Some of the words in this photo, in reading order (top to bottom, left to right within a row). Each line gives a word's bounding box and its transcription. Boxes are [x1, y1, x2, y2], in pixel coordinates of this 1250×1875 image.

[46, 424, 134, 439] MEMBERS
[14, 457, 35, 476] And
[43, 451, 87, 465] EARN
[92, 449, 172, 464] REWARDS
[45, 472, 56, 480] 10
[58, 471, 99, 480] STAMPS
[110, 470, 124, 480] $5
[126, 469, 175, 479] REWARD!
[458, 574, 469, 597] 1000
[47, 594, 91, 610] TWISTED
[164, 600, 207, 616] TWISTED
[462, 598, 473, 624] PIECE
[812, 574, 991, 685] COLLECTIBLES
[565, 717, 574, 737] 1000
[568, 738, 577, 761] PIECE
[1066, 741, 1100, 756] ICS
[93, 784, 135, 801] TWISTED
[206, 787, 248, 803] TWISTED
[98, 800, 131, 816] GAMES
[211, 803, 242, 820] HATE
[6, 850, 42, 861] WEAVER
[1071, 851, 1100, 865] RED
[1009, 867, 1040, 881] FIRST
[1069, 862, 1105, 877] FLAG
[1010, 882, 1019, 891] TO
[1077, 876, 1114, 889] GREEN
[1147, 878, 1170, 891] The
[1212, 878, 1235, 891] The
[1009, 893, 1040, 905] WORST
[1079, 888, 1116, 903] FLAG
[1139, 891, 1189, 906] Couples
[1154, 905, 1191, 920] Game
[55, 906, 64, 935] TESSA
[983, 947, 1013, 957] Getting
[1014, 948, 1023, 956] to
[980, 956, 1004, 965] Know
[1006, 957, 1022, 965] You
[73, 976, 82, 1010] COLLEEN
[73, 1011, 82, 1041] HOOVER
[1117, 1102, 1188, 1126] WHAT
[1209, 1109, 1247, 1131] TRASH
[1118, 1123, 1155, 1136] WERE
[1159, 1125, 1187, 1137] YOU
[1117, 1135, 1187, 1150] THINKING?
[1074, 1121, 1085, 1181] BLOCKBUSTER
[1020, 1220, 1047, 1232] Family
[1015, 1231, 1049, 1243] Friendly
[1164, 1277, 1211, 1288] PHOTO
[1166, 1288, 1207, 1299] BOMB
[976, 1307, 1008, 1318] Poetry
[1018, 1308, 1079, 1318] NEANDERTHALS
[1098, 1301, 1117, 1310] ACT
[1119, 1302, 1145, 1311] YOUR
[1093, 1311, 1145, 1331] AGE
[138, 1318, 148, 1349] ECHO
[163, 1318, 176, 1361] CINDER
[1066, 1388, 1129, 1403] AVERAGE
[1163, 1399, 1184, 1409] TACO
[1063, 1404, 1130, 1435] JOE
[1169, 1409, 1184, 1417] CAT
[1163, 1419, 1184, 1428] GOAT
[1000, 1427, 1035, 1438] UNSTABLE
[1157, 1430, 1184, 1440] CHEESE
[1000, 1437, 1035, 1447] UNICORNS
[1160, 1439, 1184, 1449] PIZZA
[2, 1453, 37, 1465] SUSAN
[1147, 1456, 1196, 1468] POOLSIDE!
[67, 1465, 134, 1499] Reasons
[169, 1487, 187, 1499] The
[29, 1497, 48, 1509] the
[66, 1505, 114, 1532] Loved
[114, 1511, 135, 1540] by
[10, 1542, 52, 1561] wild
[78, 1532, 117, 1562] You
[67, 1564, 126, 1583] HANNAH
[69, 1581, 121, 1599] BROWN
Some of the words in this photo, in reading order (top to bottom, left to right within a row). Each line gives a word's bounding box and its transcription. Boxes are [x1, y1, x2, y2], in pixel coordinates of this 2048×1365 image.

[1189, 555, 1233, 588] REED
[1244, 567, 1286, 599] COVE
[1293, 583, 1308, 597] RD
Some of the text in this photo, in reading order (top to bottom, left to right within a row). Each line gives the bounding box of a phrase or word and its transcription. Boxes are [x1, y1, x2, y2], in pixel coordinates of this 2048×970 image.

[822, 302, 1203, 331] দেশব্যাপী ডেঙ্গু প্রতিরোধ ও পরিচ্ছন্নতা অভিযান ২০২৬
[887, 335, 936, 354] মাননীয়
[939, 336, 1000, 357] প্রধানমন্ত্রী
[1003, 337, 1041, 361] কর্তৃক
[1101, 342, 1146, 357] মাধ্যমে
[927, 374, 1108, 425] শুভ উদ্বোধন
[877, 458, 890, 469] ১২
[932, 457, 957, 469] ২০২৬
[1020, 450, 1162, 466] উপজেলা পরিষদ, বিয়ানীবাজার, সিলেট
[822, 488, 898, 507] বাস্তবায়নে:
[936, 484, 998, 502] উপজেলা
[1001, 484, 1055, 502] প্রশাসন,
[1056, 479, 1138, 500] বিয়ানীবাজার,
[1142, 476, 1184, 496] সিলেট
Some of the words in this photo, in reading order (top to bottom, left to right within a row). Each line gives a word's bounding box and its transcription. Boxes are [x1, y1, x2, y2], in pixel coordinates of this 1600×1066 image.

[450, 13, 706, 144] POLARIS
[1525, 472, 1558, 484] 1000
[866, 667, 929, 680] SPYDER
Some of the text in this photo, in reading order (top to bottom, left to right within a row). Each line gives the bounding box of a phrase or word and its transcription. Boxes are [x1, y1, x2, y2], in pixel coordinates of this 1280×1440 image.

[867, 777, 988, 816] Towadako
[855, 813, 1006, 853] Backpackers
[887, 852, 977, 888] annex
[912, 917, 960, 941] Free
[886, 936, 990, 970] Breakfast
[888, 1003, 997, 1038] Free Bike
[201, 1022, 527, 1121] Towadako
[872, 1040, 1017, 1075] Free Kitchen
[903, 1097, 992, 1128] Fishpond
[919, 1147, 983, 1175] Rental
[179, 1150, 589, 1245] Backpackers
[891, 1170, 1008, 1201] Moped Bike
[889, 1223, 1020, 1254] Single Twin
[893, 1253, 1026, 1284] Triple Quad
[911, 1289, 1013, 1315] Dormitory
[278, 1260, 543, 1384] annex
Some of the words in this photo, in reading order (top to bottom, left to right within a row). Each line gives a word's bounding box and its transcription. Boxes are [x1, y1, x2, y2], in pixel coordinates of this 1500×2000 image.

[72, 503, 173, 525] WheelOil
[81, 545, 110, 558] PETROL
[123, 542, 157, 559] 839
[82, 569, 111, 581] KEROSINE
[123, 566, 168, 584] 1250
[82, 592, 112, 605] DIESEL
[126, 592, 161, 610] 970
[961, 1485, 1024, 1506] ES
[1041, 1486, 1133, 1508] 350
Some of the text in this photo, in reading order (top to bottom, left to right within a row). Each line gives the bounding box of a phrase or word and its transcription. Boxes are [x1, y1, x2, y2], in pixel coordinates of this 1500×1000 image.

Task details → Please give all the entries above again, exactly as they stand.

Written response →
Some of the words in this photo, in reading order (top to bottom, left to right within a row). Each line gives a word's bounding box and its transcription. Boxes are [x1, y1, x2, y2], in pixel coordinates of this 1250×1875 image.

[46, 424, 134, 439] MEMBERS
[14, 457, 35, 476] And
[43, 451, 87, 465] EARN
[92, 449, 172, 464] REWARDS
[45, 472, 56, 480] 10
[58, 471, 99, 480] STAMPS
[110, 470, 124, 480] $5
[126, 469, 175, 479] REWARD!
[458, 574, 469, 597] 1000
[47, 594, 91, 610] TWISTED
[164, 600, 207, 616] TWISTED
[462, 598, 473, 624] PIECE
[812, 574, 991, 685] COLLECTIBLES
[565, 717, 574, 737] 1000
[568, 738, 577, 761] PIECE
[1066, 741, 1100, 756] ICS
[93, 784, 135, 801] TWISTED
[206, 787, 248, 803] TWISTED
[98, 800, 131, 816] GAMES
[211, 803, 242, 820] HATE
[6, 850, 42, 861] WEAVER
[1071, 851, 1100, 865] RED
[1009, 867, 1040, 881] FIRST
[1069, 862, 1105, 877] FLAG
[1010, 882, 1019, 891] TO
[1077, 876, 1114, 889] GREEN
[1147, 878, 1170, 891] The
[1212, 878, 1235, 891] The
[1009, 893, 1040, 905] WORST
[1079, 888, 1116, 903] FLAG
[1139, 891, 1189, 906] Couples
[1154, 905, 1191, 920] Game
[55, 906, 64, 935] TESSA
[983, 947, 1013, 957] Getting
[1014, 948, 1023, 956] to
[980, 956, 1004, 965] Know
[1006, 957, 1022, 965] You
[73, 976, 82, 1010] COLLEEN
[73, 1011, 82, 1041] HOOVER
[1117, 1102, 1188, 1126] WHAT
[1209, 1109, 1247, 1131] TRASH
[1118, 1123, 1155, 1136] WERE
[1159, 1125, 1187, 1137] YOU
[1117, 1135, 1187, 1150] THINKING?
[1074, 1121, 1085, 1181] BLOCKBUSTER
[1020, 1220, 1047, 1232] Family
[1015, 1231, 1049, 1243] Friendly
[1164, 1277, 1211, 1288] PHOTO
[1166, 1288, 1207, 1299] BOMB
[976, 1307, 1008, 1318] Poetry
[1018, 1308, 1079, 1318] NEANDERTHALS
[1098, 1301, 1117, 1310] ACT
[1119, 1302, 1145, 1311] YOUR
[1093, 1311, 1145, 1331] AGE
[138, 1318, 148, 1349] ECHO
[163, 1318, 176, 1361] CINDER
[1066, 1388, 1129, 1403] AVERAGE
[1163, 1399, 1184, 1409] TACO
[1063, 1404, 1130, 1435] JOE
[1169, 1409, 1184, 1417] CAT
[1163, 1419, 1184, 1428] GOAT
[1000, 1427, 1035, 1438] UNSTABLE
[1157, 1430, 1184, 1440] CHEESE
[1000, 1437, 1035, 1447] UNICORNS
[1160, 1439, 1184, 1449] PIZZA
[2, 1453, 37, 1465] SUSAN
[1147, 1456, 1196, 1468] POOLSIDE!
[67, 1465, 134, 1499] Reasons
[169, 1487, 187, 1499] The
[29, 1497, 48, 1509] the
[66, 1505, 114, 1532] Loved
[114, 1511, 135, 1540] by
[10, 1542, 52, 1561] wild
[78, 1532, 117, 1562] You
[67, 1564, 126, 1583] HANNAH
[69, 1581, 121, 1599] BROWN
Some of the words in this photo, in reading order (top to bottom, left to right within a row). Each line gives a word's bounding box and its transcription. Boxes are [x1, y1, x2, y2], in pixel coordinates of this 2048×1365 image.

[1189, 555, 1233, 588] REED
[1244, 567, 1286, 599] COVE
[1293, 583, 1308, 597] RD
Some of the text in this photo, in reading order (top to bottom, left to right within a row). Each line gives the bounding box of a phrase or word and its transcription. Boxes are [x1, y1, x2, y2], in pixel coordinates of this 2048×970 image.

[822, 302, 1203, 331] দেশব্যাপী ডেঙ্গু প্রতিরোধ ও পরিচ্ছন্নতা অভিযান ২০২৬
[887, 335, 936, 354] মাননীয়
[939, 336, 1000, 357] প্রধানমন্ত্রী
[1003, 337, 1041, 361] কর্তৃক
[1101, 342, 1146, 357] মাধ্যমে
[927, 374, 1108, 425] শুভ উদ্বোধন
[877, 458, 890, 469] ১২
[932, 457, 957, 469] ২০২৬
[1020, 450, 1162, 466] উপজেলা পরিষদ, বিয়ানীবাজার, সিলেট
[822, 488, 898, 507] বাস্তবায়নে:
[936, 484, 998, 502] উপজেলা
[1001, 484, 1055, 502] প্রশাসন,
[1056, 479, 1138, 500] বিয়ানীবাজার,
[1142, 476, 1184, 496] সিলেট
Some of the words in this photo, in reading order (top to bottom, left to right within a row). Each line gives a word's bounding box and its transcription. Boxes are [x1, y1, x2, y2], in pixel coordinates of this 1600×1066 image.

[450, 13, 706, 144] POLARIS
[1525, 472, 1558, 484] 1000
[866, 667, 929, 680] SPYDER
Some of the text in this photo, in reading order (top to bottom, left to right within a row). Each line gives the bounding box of a phrase or word and its transcription. Boxes are [x1, y1, x2, y2], in pixel coordinates of this 1280×1440 image.

[867, 777, 988, 816] Towadako
[855, 813, 1006, 853] Backpackers
[887, 852, 977, 888] annex
[912, 917, 960, 941] Free
[886, 936, 990, 970] Breakfast
[888, 1003, 997, 1038] Free Bike
[201, 1022, 527, 1121] Towadako
[872, 1040, 1017, 1075] Free Kitchen
[903, 1097, 992, 1128] Fishpond
[919, 1147, 983, 1175] Rental
[179, 1150, 589, 1245] Backpackers
[891, 1170, 1008, 1201] Moped Bike
[889, 1223, 1020, 1254] Single Twin
[893, 1253, 1026, 1284] Triple Quad
[911, 1289, 1013, 1315] Dormitory
[278, 1260, 543, 1384] annex
Some of the words in this photo, in reading order (top to bottom, left to right within a row). Each line gives a word's bounding box and its transcription. Boxes are [x1, y1, x2, y2], in pixel coordinates of this 1500×2000 image.

[72, 503, 173, 525] WheelOil
[81, 545, 110, 558] PETROL
[123, 542, 157, 559] 839
[82, 569, 111, 581] KEROSINE
[123, 566, 168, 584] 1250
[82, 592, 112, 605] DIESEL
[126, 592, 161, 610] 970
[961, 1485, 1024, 1506] ES
[1041, 1486, 1133, 1508] 350
Some of the text in this photo, in reading order (top to bottom, left to right within a row). Each line gives the bounding box of a phrase or word and its transcription. Boxes are [x1, y1, x2, y2], in pixel coordinates of this 1500×1000 image.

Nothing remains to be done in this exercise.